From: Arlo Bensinger (ajb102@psu.edu)
Date: Mon Dec 05 2005 - 22:41:45 GMT
[Platt]
"And beyond that is an even more compelling reason; societies and thoughts
and principles themselves are no more than sets of static patterns.These
patterns can't by themselves perceive or adjust to Dynamic Quality. Only a
living being can do that." (Lila, 13)
[Arlo]
You say this, again, as if my stance denies it. I don't. What you continue
to do is misequate "collective consciousness" with "societies". Pirsig says
of the collective consciousness, "Religion isn't invented by man. Men are
invented by religion. Men invent responses to Quality, and among these
responses is an understanding of what they themselves are. You know
something and then the Quality stimulus hits and then you try to define the
Quality stimulus, but to define it all you've got to work with is what you
know. So your definition is made up of what you know. It's an analogue to
what you already know. It has to be. It can't be anything else. And the
mythos grows this way. By analogies to what is known before. The mythos is
a building of analogues upon analogues upon analogues. These fill the
collective consciousness of all communicating mankind. Every last bit of it."

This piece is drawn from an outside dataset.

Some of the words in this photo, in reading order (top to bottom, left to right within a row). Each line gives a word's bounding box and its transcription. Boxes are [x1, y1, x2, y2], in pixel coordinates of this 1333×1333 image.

He also says that mental patterns are derived from social mediation. That
is, the "individual's" thoughts emerge through social mediation, not
independent from it. So that "individual" who can respond to DQ, does so BY
VIRTUE of the collective consciousness.
But, let's break Pirsig's quote you've provided apart. When Pirsig says
"only a living being" can respond to DQ, does he mean cats? Cows? Cells?
Amoebas? Or do you think he means only "people"? If you think he means only
people, would you say that a person left at birth on a deserted island, who
grows up in Glorious Randian Isolation, would be better, worse or
equivalent in ability to respond to DQ than a cat?

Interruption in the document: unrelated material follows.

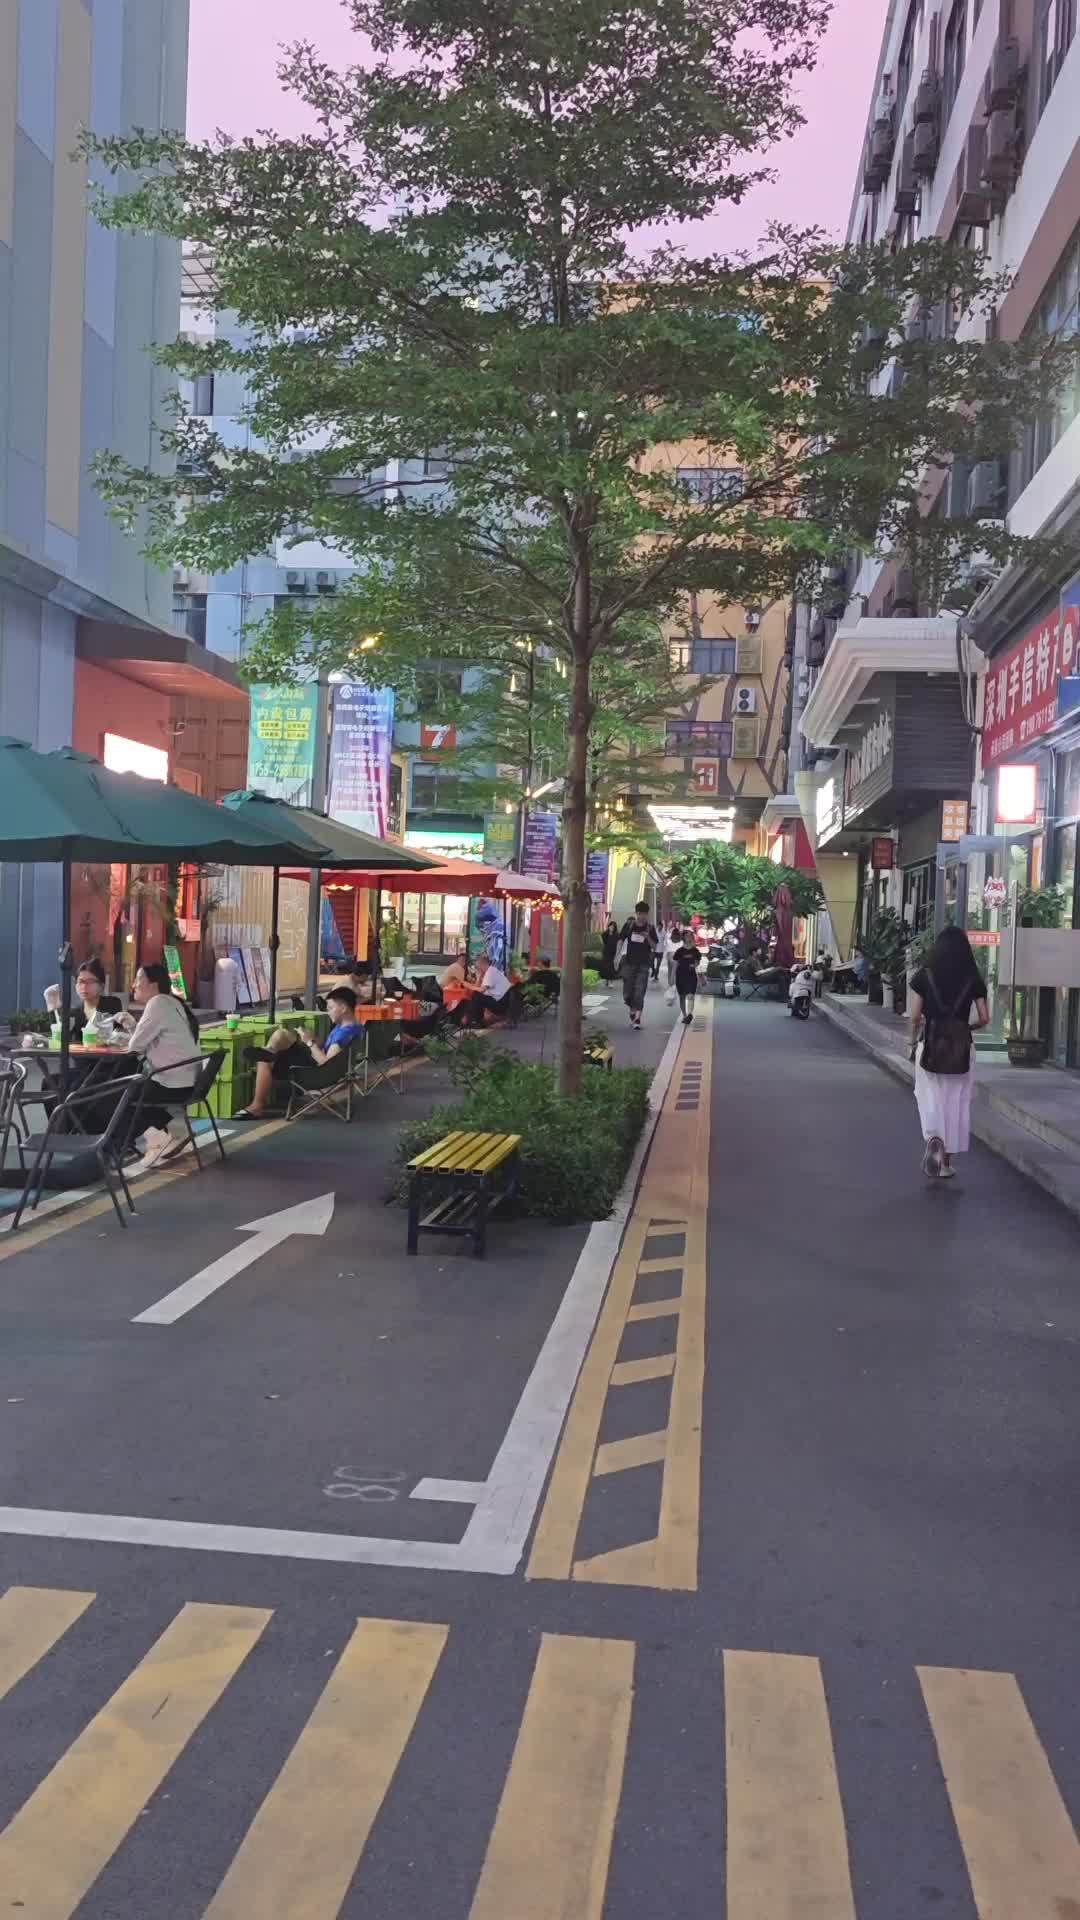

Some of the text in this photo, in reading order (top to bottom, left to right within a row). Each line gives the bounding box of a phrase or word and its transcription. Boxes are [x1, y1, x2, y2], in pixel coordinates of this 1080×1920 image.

[425, 724, 450, 749] 7
[697, 767, 714, 786] 11
[321, 1464, 407, 1502] 80

I'd argue "equivalent", as both the cat and the deserted island individual
could respond to biological quality, but nothing higher on the MOQ
hierarchy. If humans have some "special gift" to respond to dynamic quality
APART from that which is derived from social mediation, from where does
this ability derive? Genes?
That is, the software program that is running "Platt" comes into being from
social mediation, made possible by collective activity. The collective
creates the individual, who in turn creates the collective. When the
individual appropriates a language, he is in fact containing the collective
within the individual, when the individuals actions are made part of the
social activity of his culture, the collective contains the individual.
Of this software program, Pirsig writes, "We say "my" body and "your" body
and "his" body and "her" body, but it isn't that way. That's like a FORTRAN
program saying, "this is my computer." "This body on the left," and "This
body on the right." That's the way to say it. This Cartesian "Me," this
autonomous little homunculus who sits behind our eyeballs looking out
through them in order to pass judgment on the affairs of the world, is just
completely ridiculous. This self-appointed little editor of reality is just
an impossible fiction that collapses the moment one examines it. This
Cartesian "Me" is a software reality, not a hardware reality. This body on
the left and this body on the right are running variations of the same
program, the same "Me," which doesn't belong to either of them. The "Me's"
are simply a program format." A program format he equates to an ecology of
patterns, derived from social mediation.
But I'll repeat that last part... "This Cartesian "Me," this autonomous
little homunculus who sits behind our eyeballs looking out through them in
order to pass judgment on the affairs of the world, is just completely
ridiculous. This self-appointed little editor of reality is just an
impossible fiction that collapses the moment one examines it."